The college essay can strike fear in a student’s heart, and for good reason. It’s a pretty critical piece of the college application process, and there’s no formula for getting it just right.
“The essay is such a hang-up for students. This is something that they really haven’t done before,” said Karen Collins, a a senior education and career counselor at Granite Edvance.
With more than 25 years’ experience in college counseling and admissions, Karen is skilled at taming essay fears and helping students find their voices. As she prepped for a series of essay writing workshops earlier this year, she shared some advice.
How important is the college essay, really?
It varies somewhat between schools in how they’ll use the essay in the admissions review. I think with SATs becoming optional at some schools, this has kind of bumped up the importance of the essay. It’s their biggest chance to get to learn more about the student’s passions and see how well they can write.

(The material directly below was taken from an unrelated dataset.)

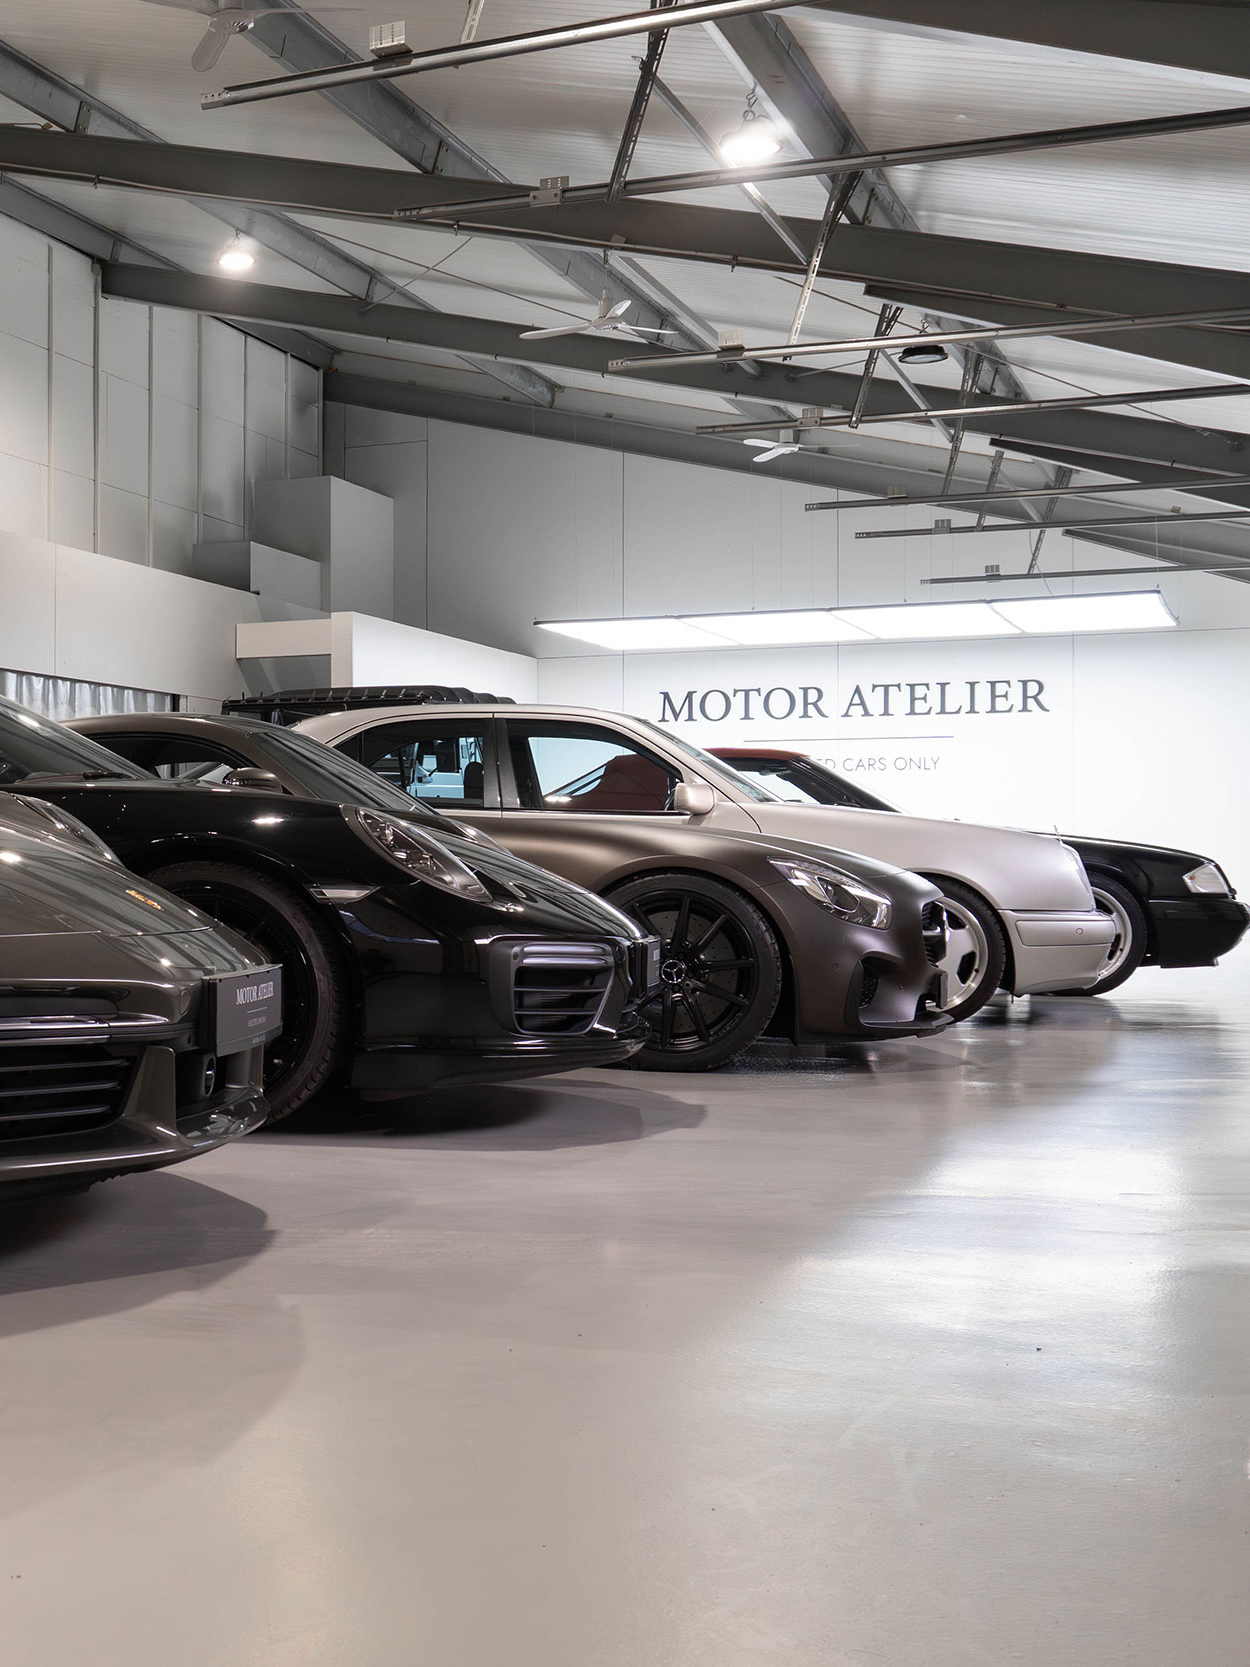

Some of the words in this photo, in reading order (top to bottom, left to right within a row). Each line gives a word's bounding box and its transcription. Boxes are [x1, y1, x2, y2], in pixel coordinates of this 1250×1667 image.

Some schools take a ‘holistic’ approach to admissions. These schools definitely put more emphasis on the essay.
I hear a lot of people say, ‘I’m just not a writer,’ and I suspect you’ve heard that too. What do you say to encourage someone who has that mentality?
This is totally different than writing an English essay. There’s not that specific format of the introduction, the three body paragraphs, and a conclusion. It’s much more creative, and it’s much more about being yourself. Be open and honest and authentic. Certainly have somebody check it for grammar and spelling, but it’s much more important to tell admissions something about you that only you can tell. Have confidence! You can do that.
Getting started is often the hardest part, right? How do you help students with that?
They have to write about something that they love, or it’s just impossible. One of the things I have them do is pretend it’s their first day at college, and they meet someone new. What’s the one thing they want that person to know about them right away? When admissions counselors are reading essays, they’re trying to create a community. They’re imagining, ‘Would this person be a good roommate and would they be an active member of the college community?’
In your work with hundreds – thousands?—of students over the years, what would you say is one thing almost everyone could improve in their essay?
Being vulnerable. Being more willing to share their feelings and how they’ve grown from the experience rather than just sharing a story. That critical thinking piece is so important. When I read essays, I write down the one thing I get from it and then ask, ‘Is that what you wanted me to get?’ If not, they probably need to keep working on it.